These 5 practical tips cover the basics of healthy eating and can help you make healthier choices. The key to a healthy diet is eating the right number of calories according to how active you are. So it can balance the incoming energy with the energy expended.
If you eat or drink more than your body needs, you will gain weight because the energy you don’t use is stored as fat. If you eat and drink too little, you will lose weight. You should also eat a variety of foods to ensure you are getting a balanced diet and your body is receiving all the nutrients it needs. It is recommended that men get about 2,500 calories per day (10,500 kilojoules). Women should get about 2,000 calories per day (8,400 kilojoules).
1. Base your diet on high-fiber carbohydrates
Carbohydrates should make up more than a third of the food you eat. Carbohydrates are found in potatoes, bread, rice, pasta and cereals. Choose carbohydrates with a higher fiber content or whole-grain varieties, such as whole-wheat pasta, brown rice, or potatoes with the skin on. These foods contain more fiber than white or refined starchy carbohydrates which can help you feel full longer.
Try to include at least 1 high-fiber-carbohydrate food in each main meal, it can make you faster to be healthy. Some people think that carbohydrates can be fattening, but the number of calories from carbohydrates is less than calories from fat. Watch the amount of fat you add when cooking or serving food because that is what increases the calorie content – for example, oil in chips, butter in bread, and cream sauce in pasta.
2. Eat lots of fruits and vegetables
It is recommended that you eat at least 5 servings of a variety of fruits and vegetables each day. They can be fresh, frozen, canned, dried or juiced. This may seem difficult. Why not chop a banana on top of your breakfast cereal, or swap your usual morning snack for a slice of fresh fruit? Easy isn’t it?
The serving size of one serving of fresh, canned or frozen fruit and vegetables is 80g. Medium on dried fruit is 30g. A glass of fruit juice, vegetable juice or smoothie (150 ml) also counts as 1 serving, but limit the amount to no more than 1 glass per day as these drinks are sweet and can damage your teeth.
3. Eat more fish
Fish is a good source of protein and contains many vitamins and minerals. Aim to eat at least 2 servings of fish a week, including at least 1 serving of fish high in omega-3s. Fish high in omega-3s can help prevent heart disease.

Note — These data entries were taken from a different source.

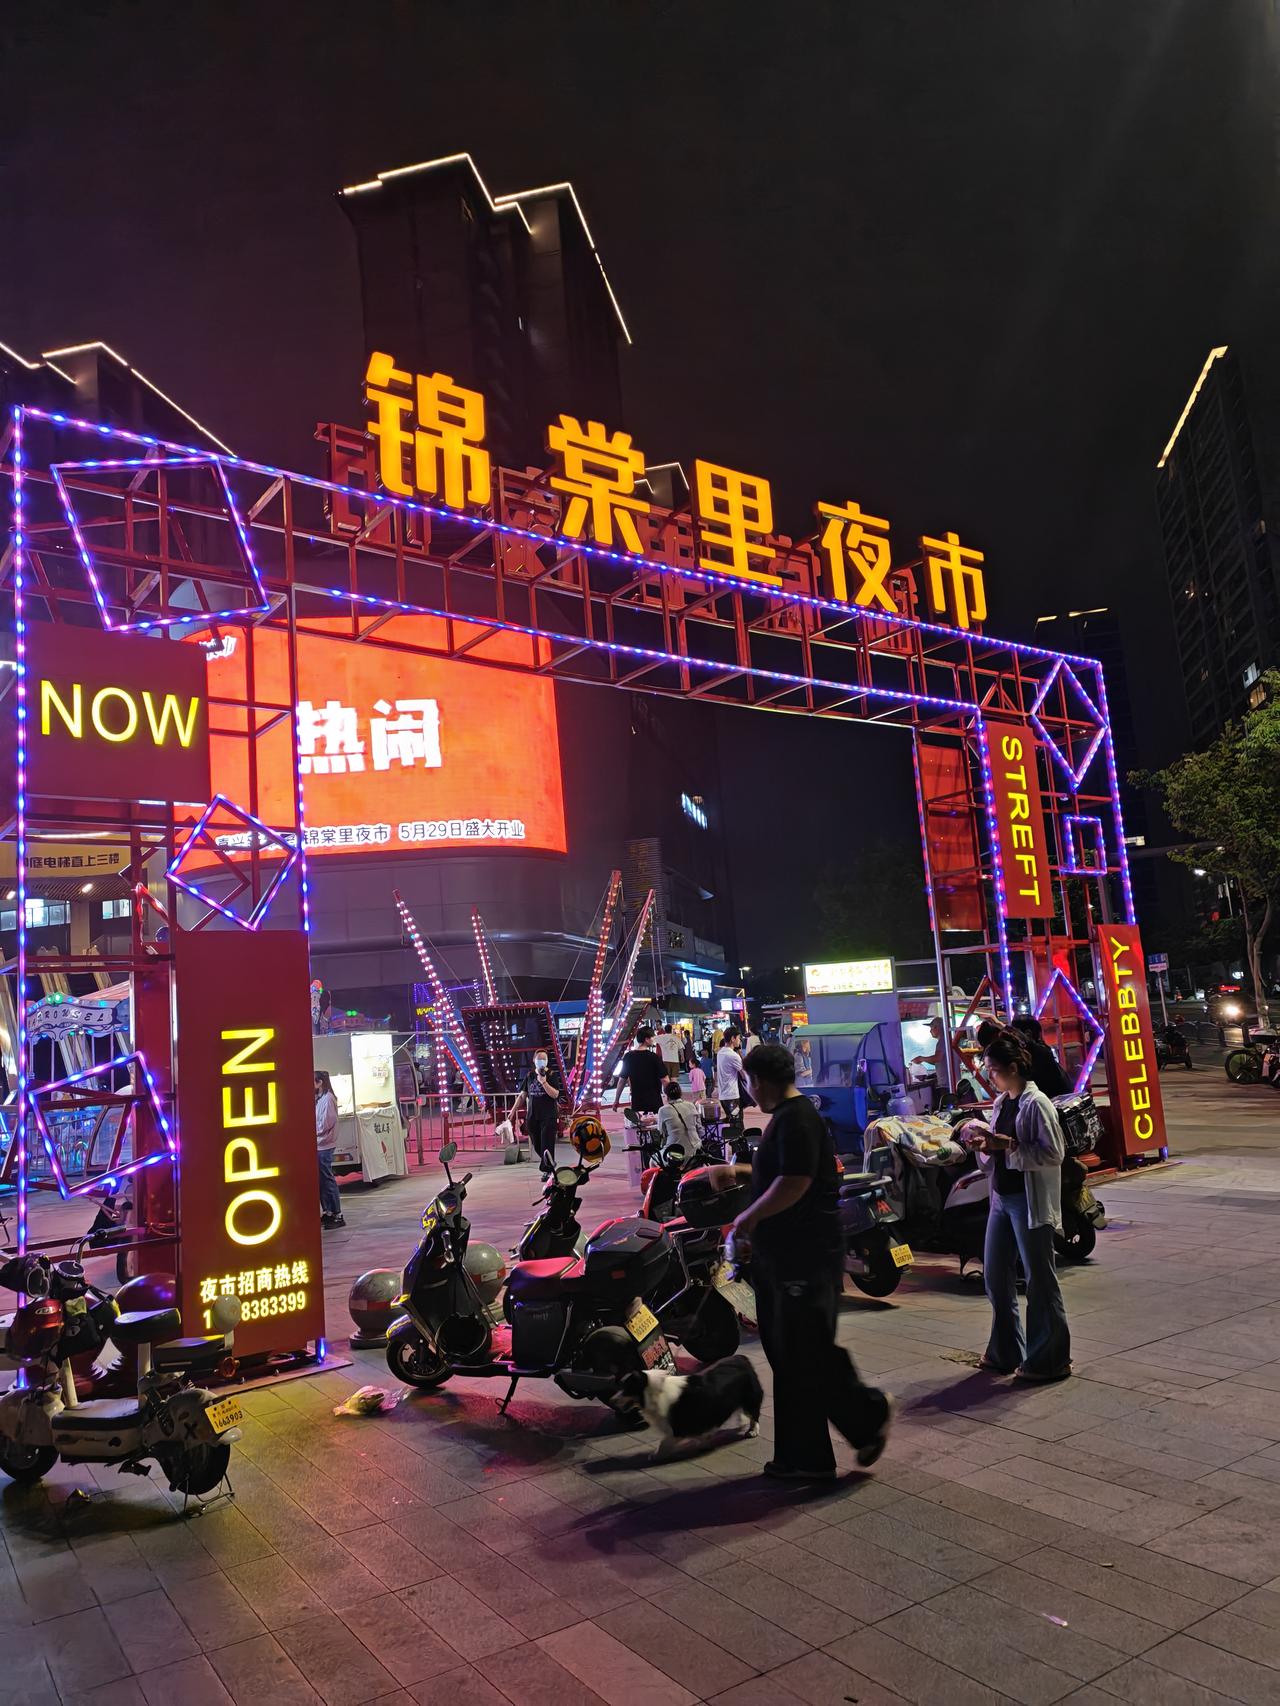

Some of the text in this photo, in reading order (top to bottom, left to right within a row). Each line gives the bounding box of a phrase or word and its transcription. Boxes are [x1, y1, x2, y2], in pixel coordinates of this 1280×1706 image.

[364, 351, 988, 633] 锦棠里夜市
[39, 680, 201, 749] NOW
[297, 697, 443, 775] 热闹
[1001, 735, 1042, 907] STREFT
[1110, 937, 1154, 1141] CELEBBTY
[221, 1028, 283, 1246] OPEN
[199, 1260, 310, 1304] 夜市招商热线
[202, 1290, 308, 1330] 18383399
[214, 1410, 244, 1429] 1663903
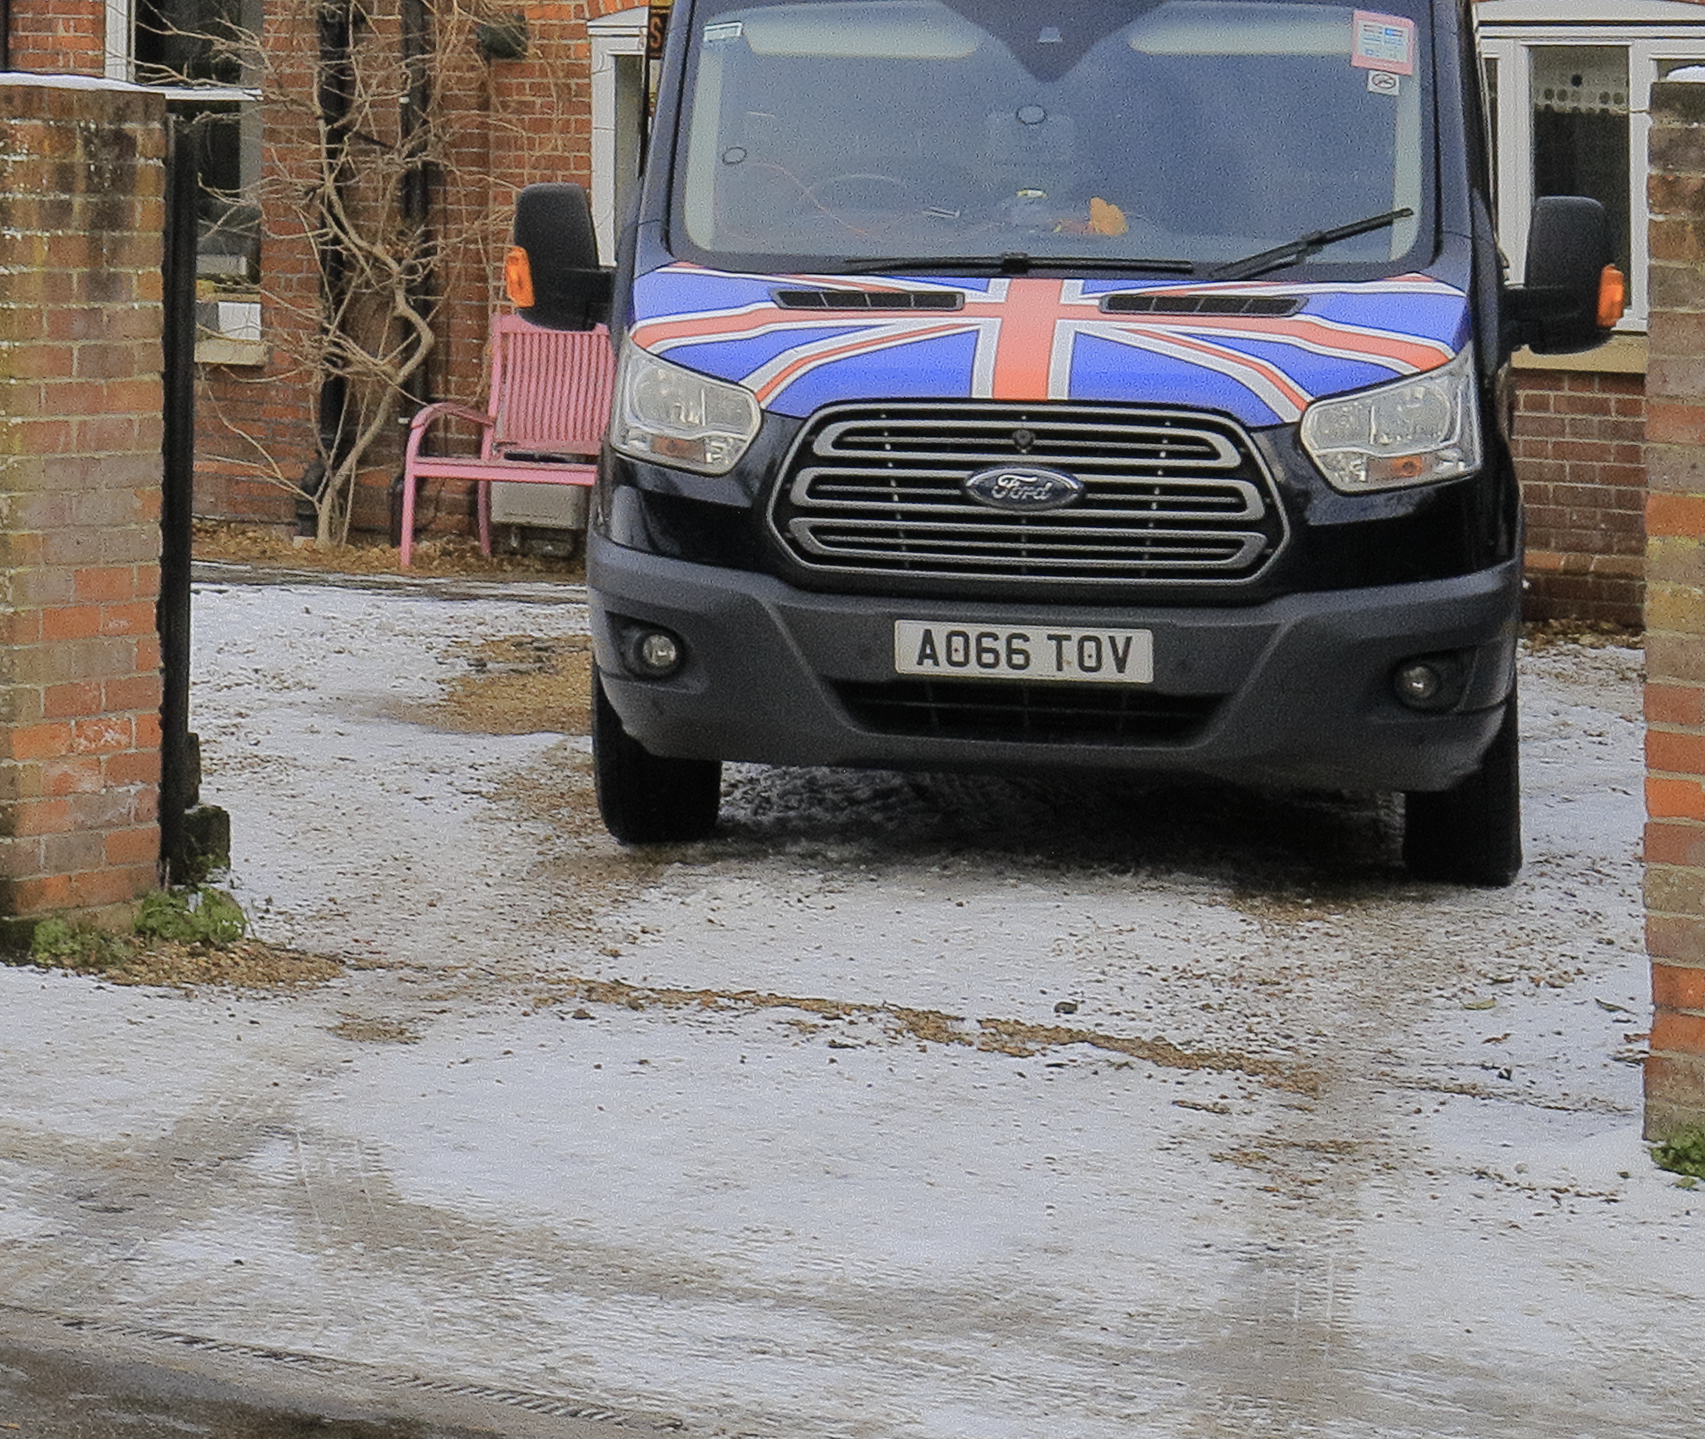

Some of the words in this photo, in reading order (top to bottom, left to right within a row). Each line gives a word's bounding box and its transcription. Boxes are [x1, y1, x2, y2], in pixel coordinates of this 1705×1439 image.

[992, 474, 1050, 502] Ford
[917, 628, 1031, 671] AO66
[1047, 634, 1132, 674] TOV
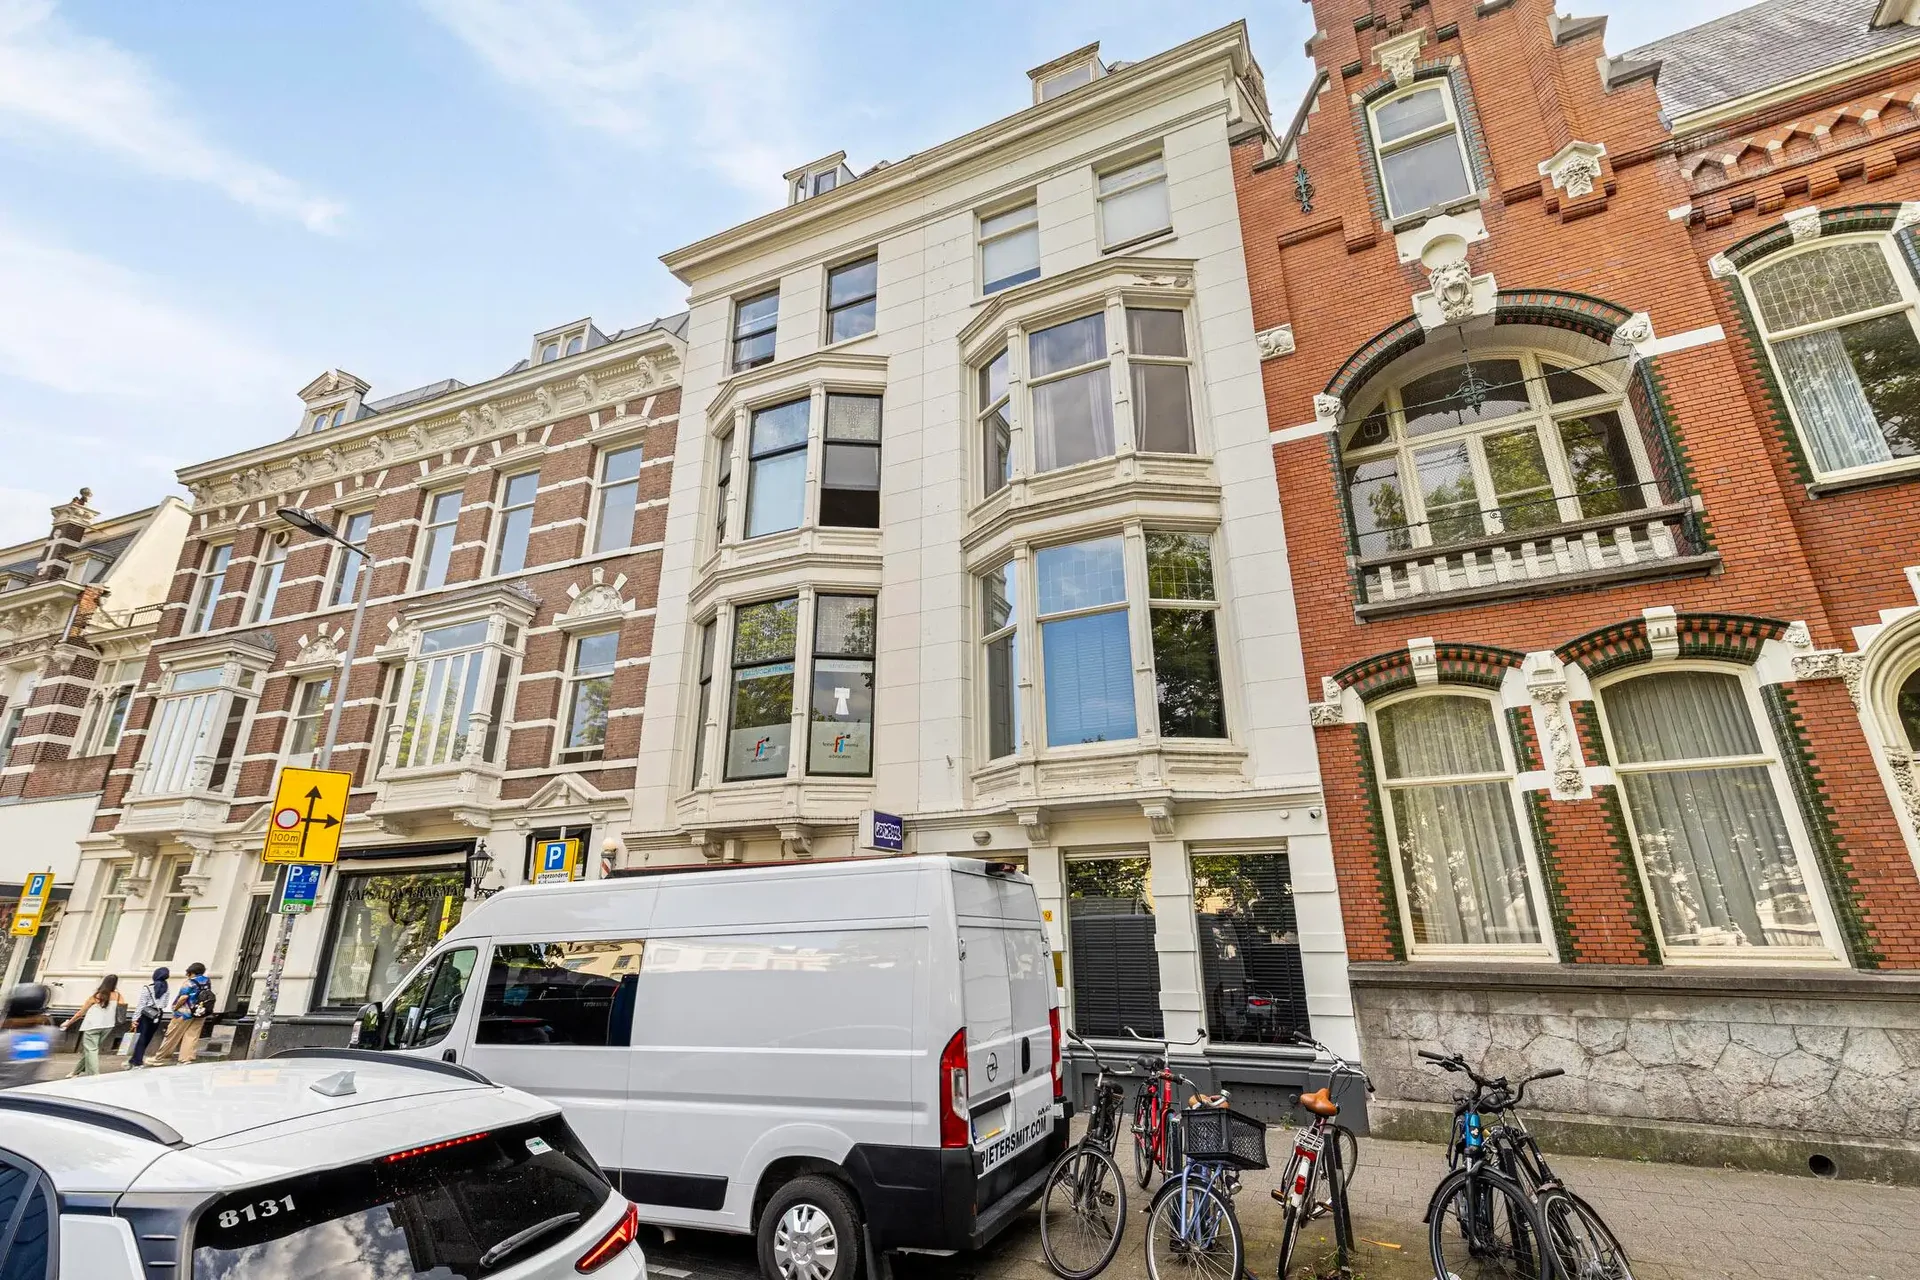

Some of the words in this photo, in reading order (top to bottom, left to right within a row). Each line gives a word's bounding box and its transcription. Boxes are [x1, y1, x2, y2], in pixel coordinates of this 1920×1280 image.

[273, 833, 299, 842] 100m
[549, 846, 562, 868] P
[290, 866, 303, 882] P
[31, 877, 43, 894] P
[346, 887, 404, 901] KAPSALON
[980, 1115, 1047, 1168] PIETERSMIT.COM
[218, 1194, 296, 1228] 8131

Fish that are high in omega-3:
Fish that don’t contain omega-3s:
You can choose fresh, frozen and canned fish, but remember that canned and smoked fish can be high in salt. Most people should eat more fish, but there are recommended limits for some types of fish.
4. Fourth Healthy Eating Tips, namely Reduce saturated fat and sugar
You need fat in your diet, but it’s important to watch the amount and type of fat you eat. There are 2 main types of fat: saturated and unsaturated. Too much-saturated fat can increase cholesterol levels in the blood, which can increase the risk of heart disease.
On average, men should consume no more than 30g of saturated fat a day, while women should consume no more than 20g of saturated fat a day. Children under the age of 11 should consume less saturated fat than adults, but a low-fat diet is not suitable for children under 5 years of age.
Saturated fat is found in many foods, such as:
– fatty cuts of meat
Try to reduce your saturated fat intake and choose foods that contain unsaturated fats, such as vegetable oils, fish and avocados. For a healthier option, use vegetable or olive oil instead of using butter and lard. When you eat meat, choose lean cuts or remove the fat parts. All types of fat are high in calories, so they should only be consumed in small portions.
Regular consumption of high-sugar foods and drinks increases the risk of obesity and tooth decay. Sugary foods and drinks are high in calories and if consumed too often can contribute to weight gain. They can also cause tooth decay.
Free sugar is sugar that is added to foods or beverages or found naturally in honey, syrups, fruit juices or smoothies. This is the type of sugar you should cut back on, as opposed to the sugar found in fruit and milk. Many packaged foods and drinks contain very high levels of free sugar.
Free sugar is found in many foods, such as:
– sweet fizzy drinks
– sweet breakfast cereal
– cake and pudding
– candy and chocolate
– alcoholic beverages
Food labels can help. Read it to check how much sugar is in the food. Sugar content of more than 22.5 g per 100 g means the food is high in sugar, while a sugar content of 5 g per 100 g means it contains low sugar.
Also read: Benefit of Fasting
5. Eat less salt: no more than 6g a day for adults
Eating too much salt can increase your blood pressure. People with high blood pressure are more likely to have heart disease or have a stroke. Even if you don’t add salt to your diet, you may still be eating too much. About three-quarters of the salt you eat is already in your food when you buy it, such as cereals, soups, breads, and sauces. Therefore the fifth healthy eating tips, use food labels to help you reduce salt consumption. More than 1.5 g of salt per 100 g means the food contains a lot of salt. Adults and children 11 years and older should eat no more than 6g of salt (about a teaspoon) a day. Younger children should consume less salt.